* **DIRECTIONS FOR THIS TASK**
The lines below, from the one holding "this 2212×1659 image." through the final line, are to be copied exactly, with no other lines and no pictures.

* **DATA EXCERPTS**
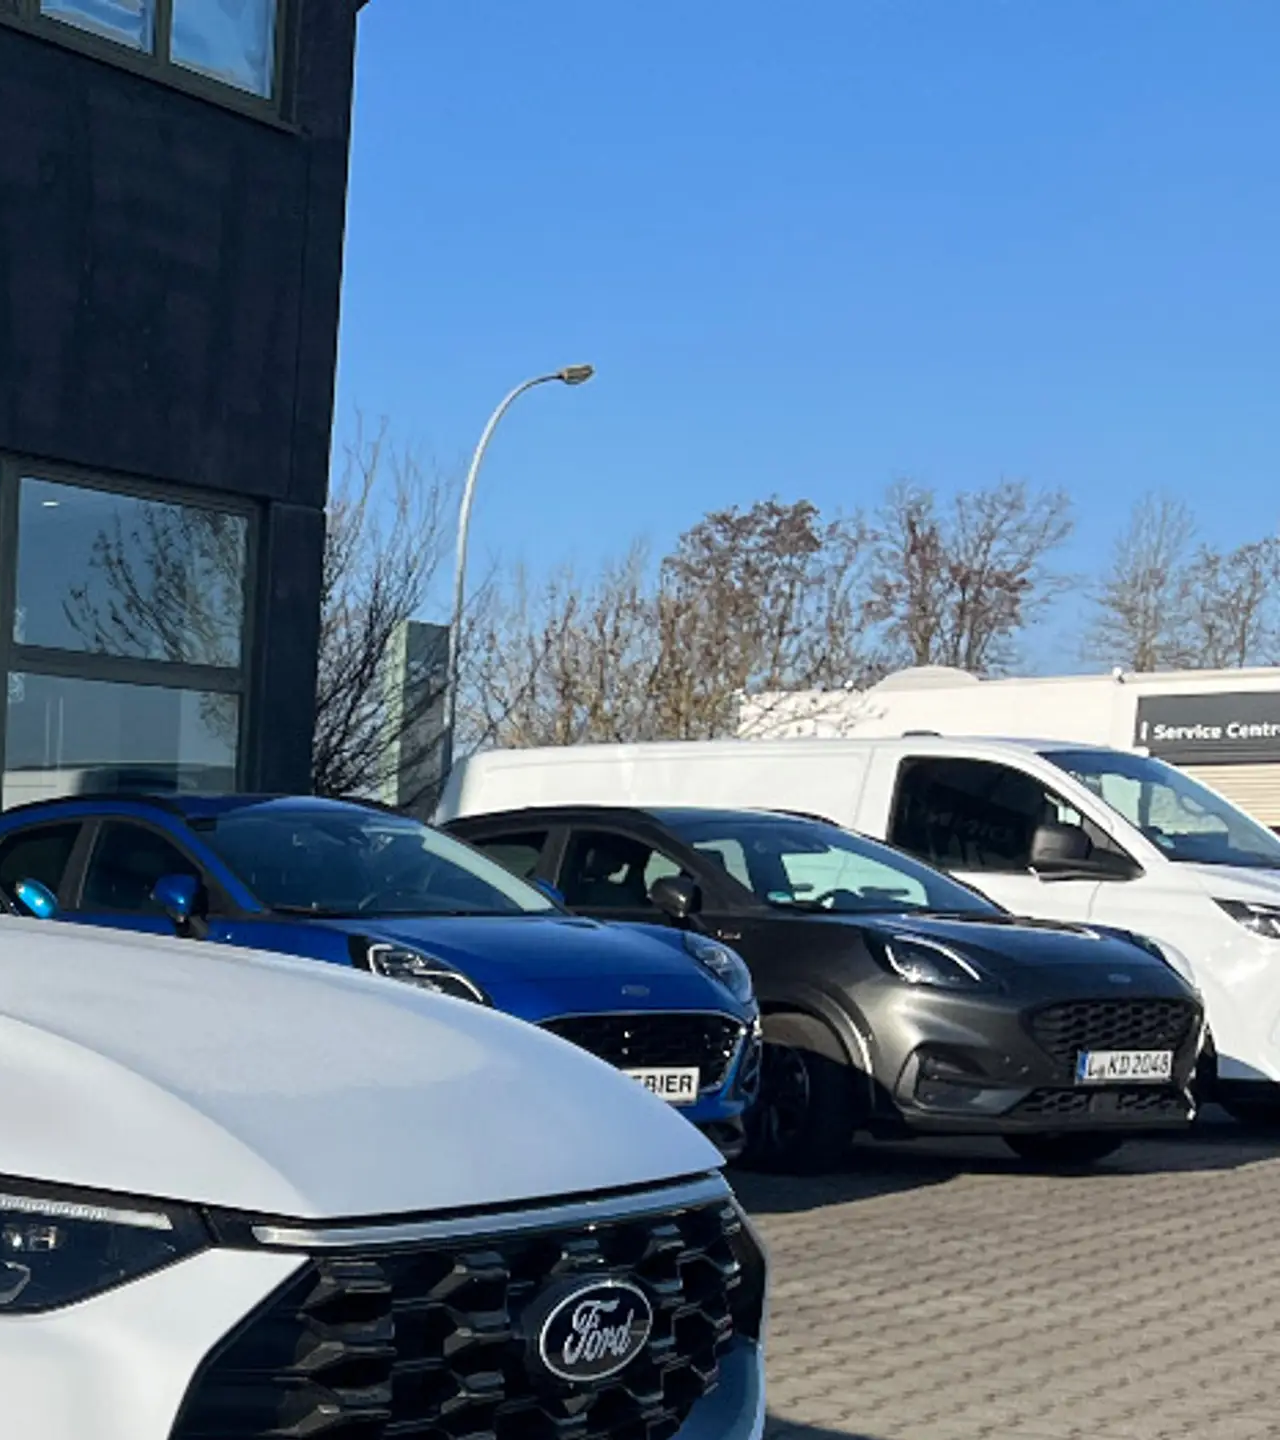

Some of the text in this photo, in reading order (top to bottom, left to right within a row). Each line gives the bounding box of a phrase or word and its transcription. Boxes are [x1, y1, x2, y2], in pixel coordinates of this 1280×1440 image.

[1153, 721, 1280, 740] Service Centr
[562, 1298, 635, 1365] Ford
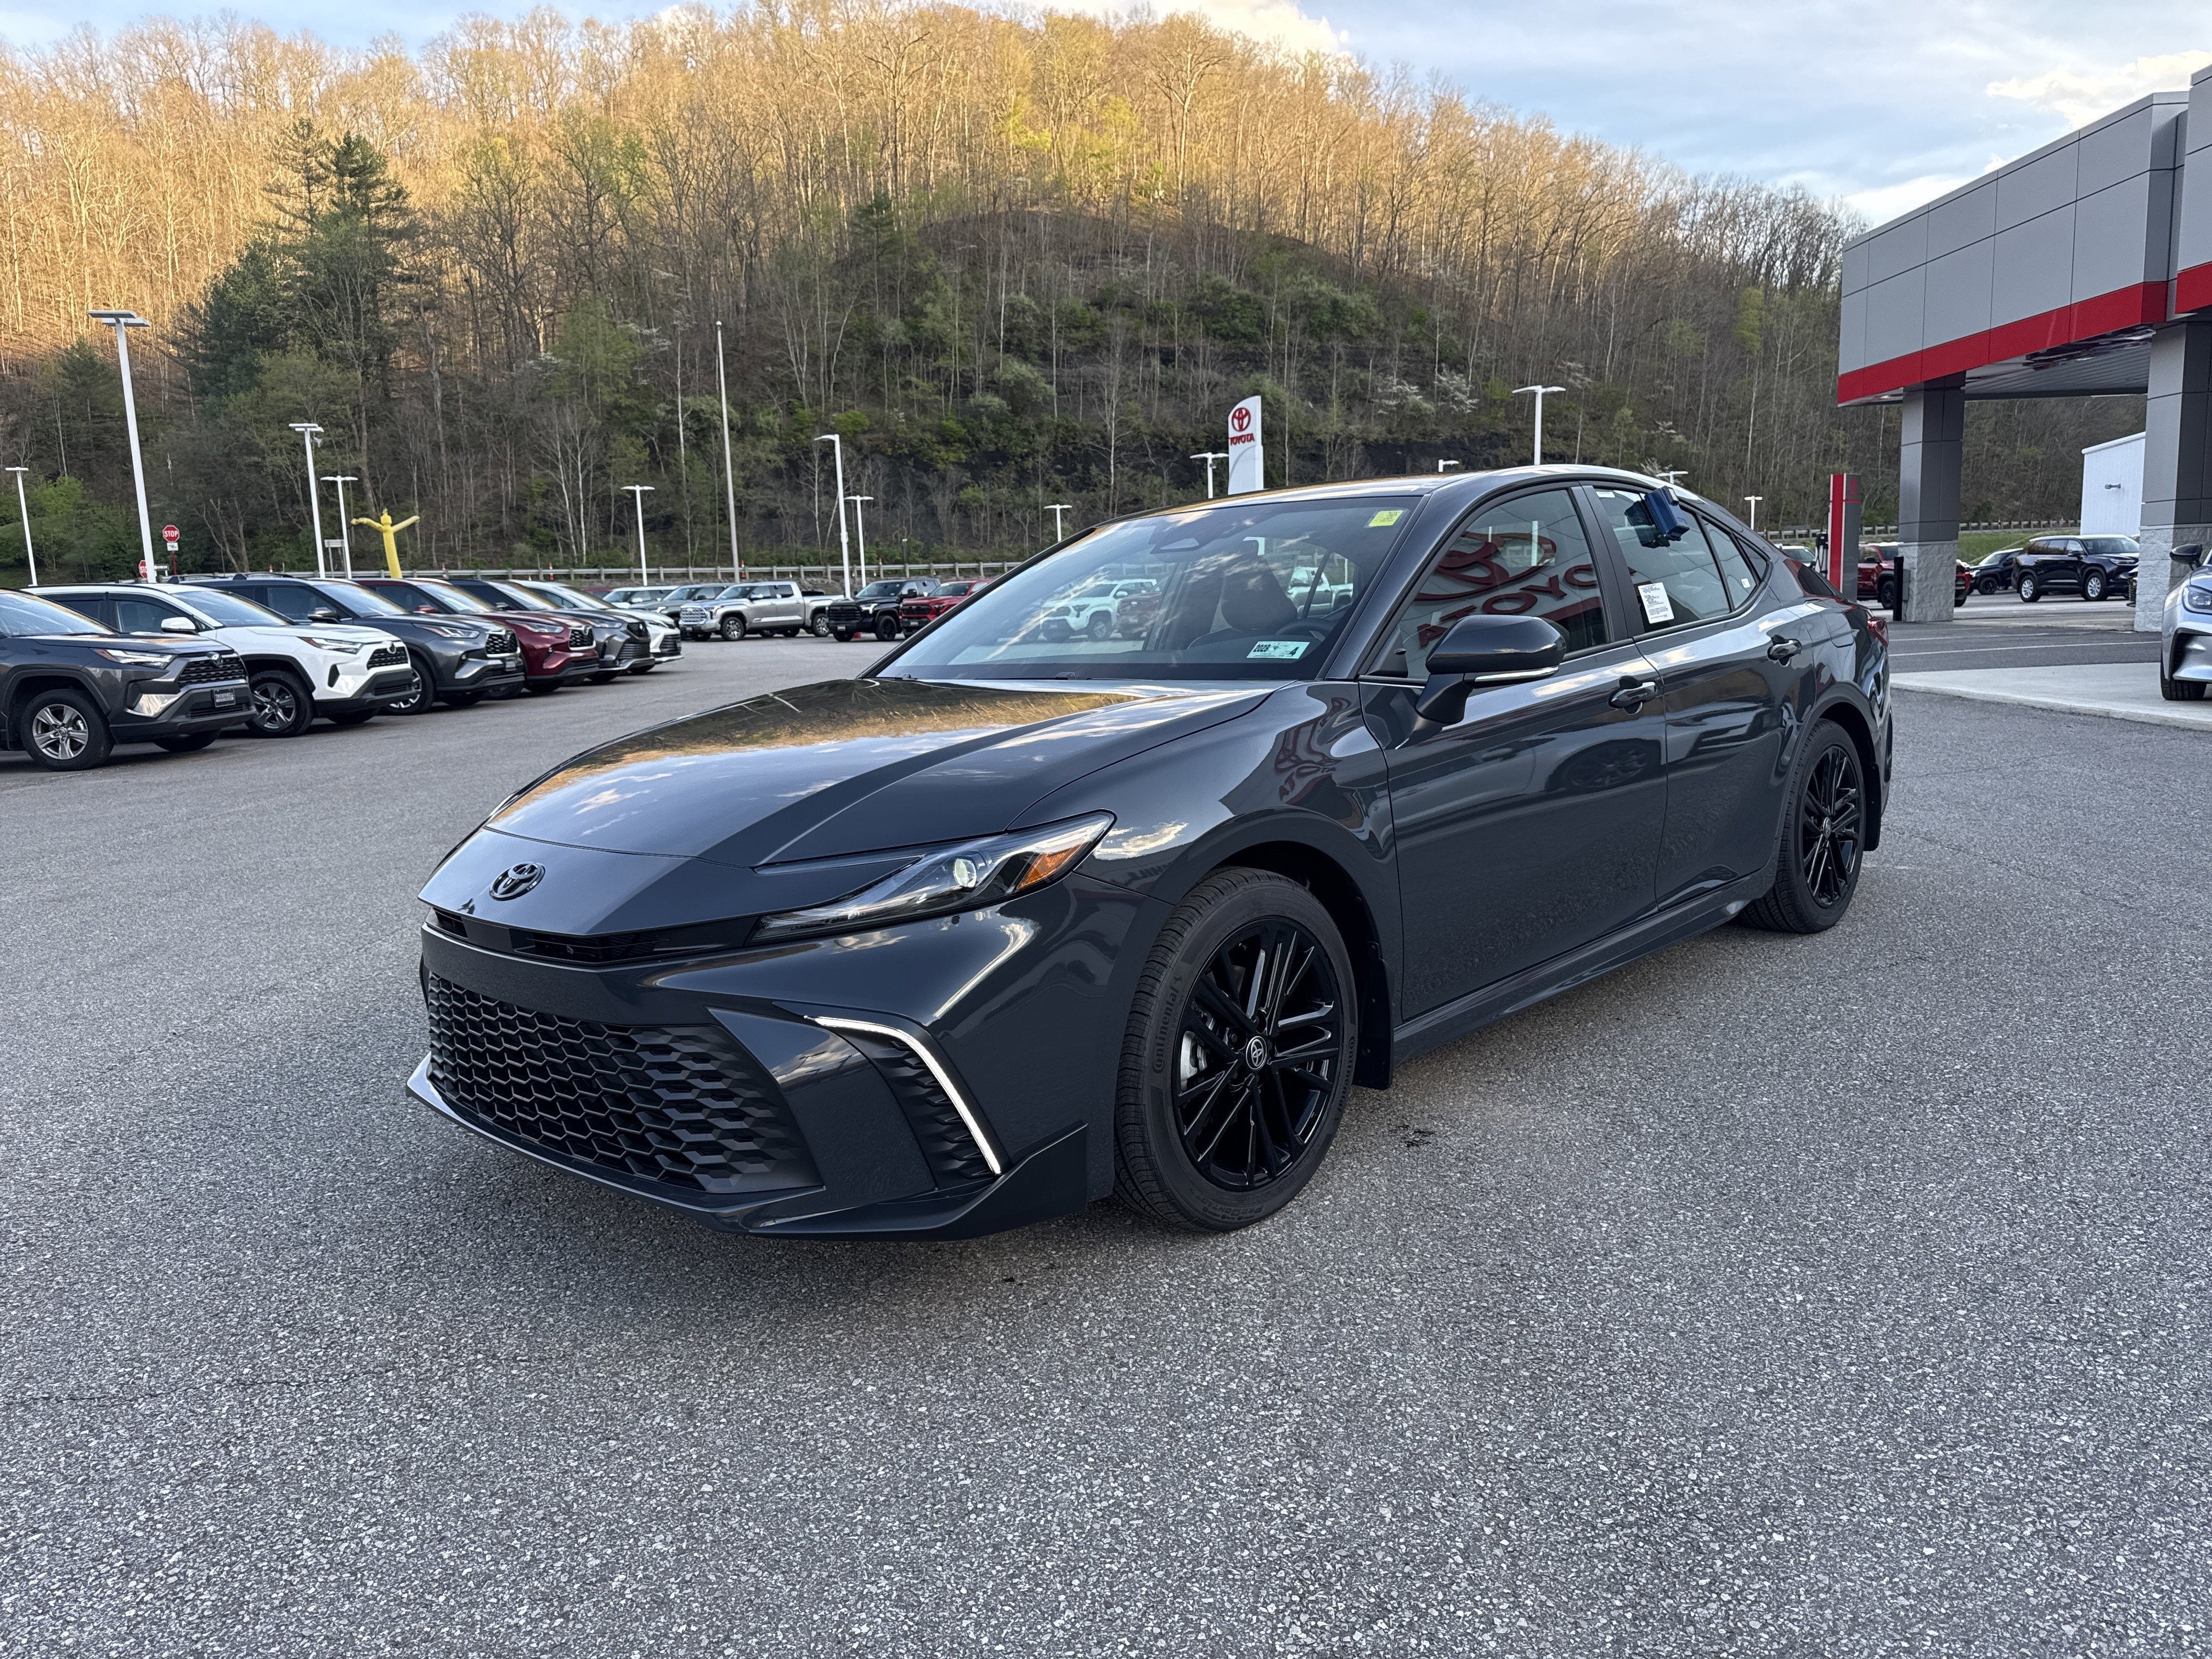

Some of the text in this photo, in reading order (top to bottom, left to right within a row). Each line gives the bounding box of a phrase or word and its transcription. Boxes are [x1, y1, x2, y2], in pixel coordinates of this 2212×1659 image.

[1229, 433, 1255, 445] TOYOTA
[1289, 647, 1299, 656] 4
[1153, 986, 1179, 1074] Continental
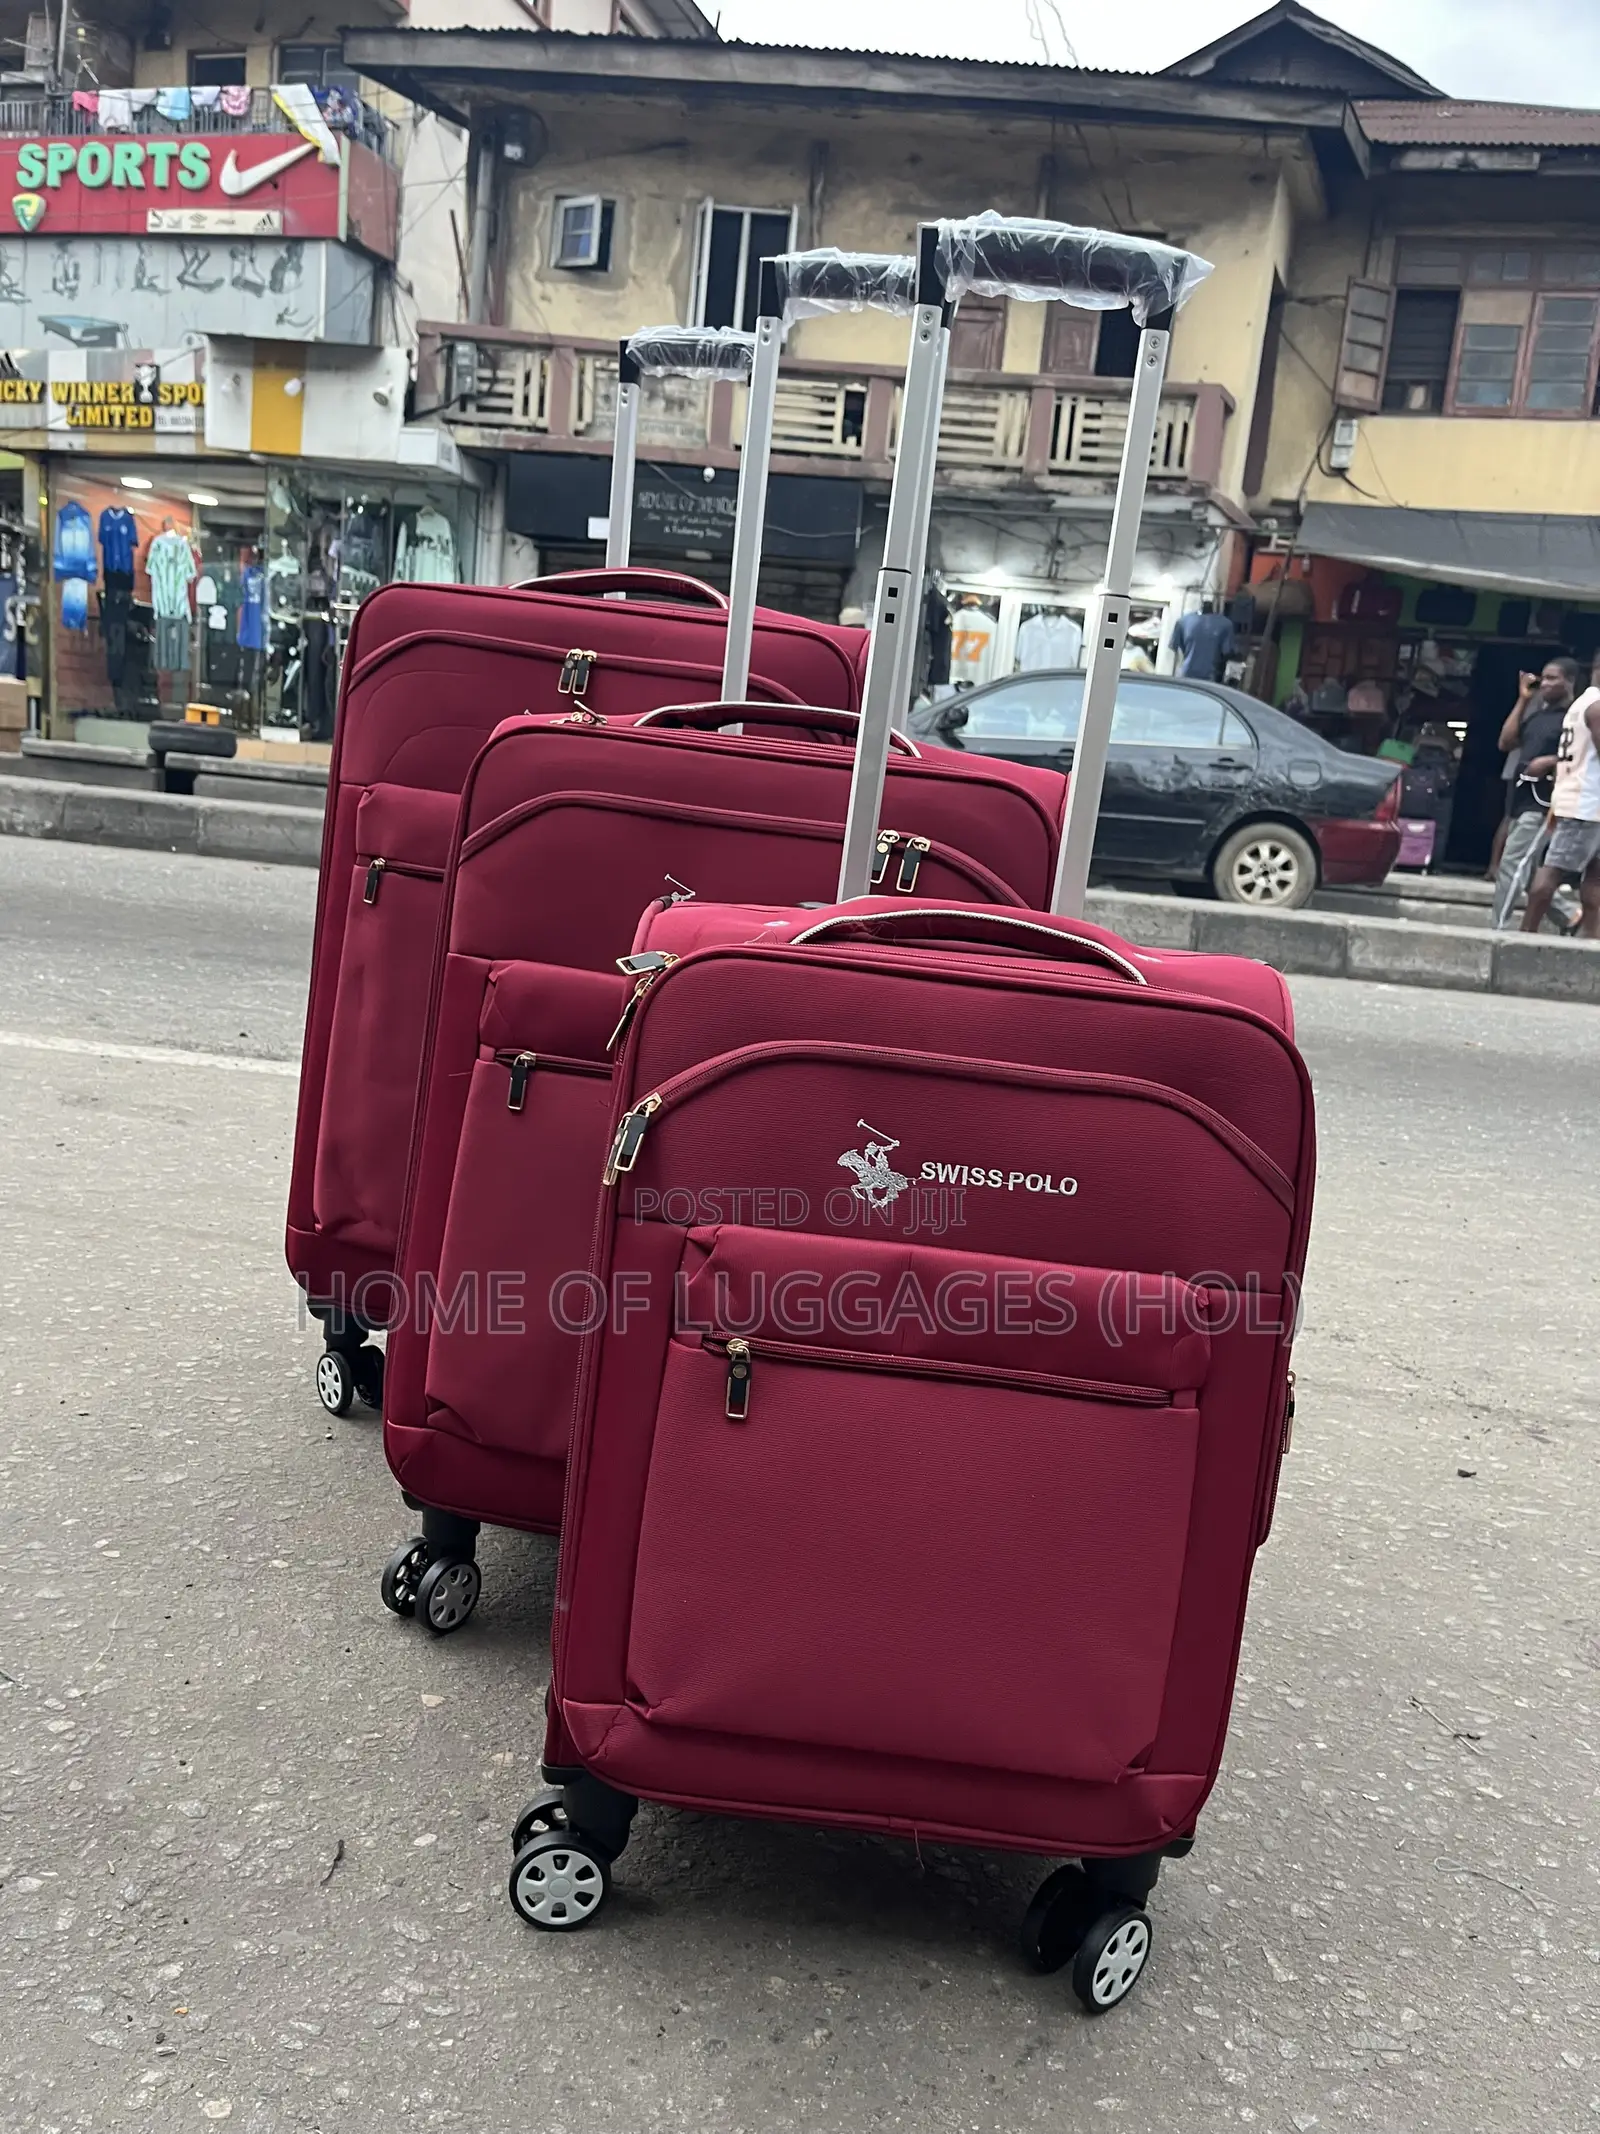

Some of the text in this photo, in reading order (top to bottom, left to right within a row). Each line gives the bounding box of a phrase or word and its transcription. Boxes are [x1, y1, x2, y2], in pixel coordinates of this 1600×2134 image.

* **OUTPUT BELOW**
Some of the text in this photo, in reading order (top to bottom, left to right within a row). Each line gives the bounding box of a phrase or word and its transcription. Boxes are [x1, y1, x2, y2], in pixel coordinates of this 2212×1659 image.

[1229, 433, 1255, 445] TOYOTA
[1289, 647, 1299, 656] 4
[1153, 986, 1179, 1074] Continental

Some of the text in this photo, in reading order (top to bottom, left to right within a row). Each line gives the bounding box of a phrase or word and its transcription. Boxes are [x1, y1, x2, y2], in pixel coordinates of this 1600×2134 image.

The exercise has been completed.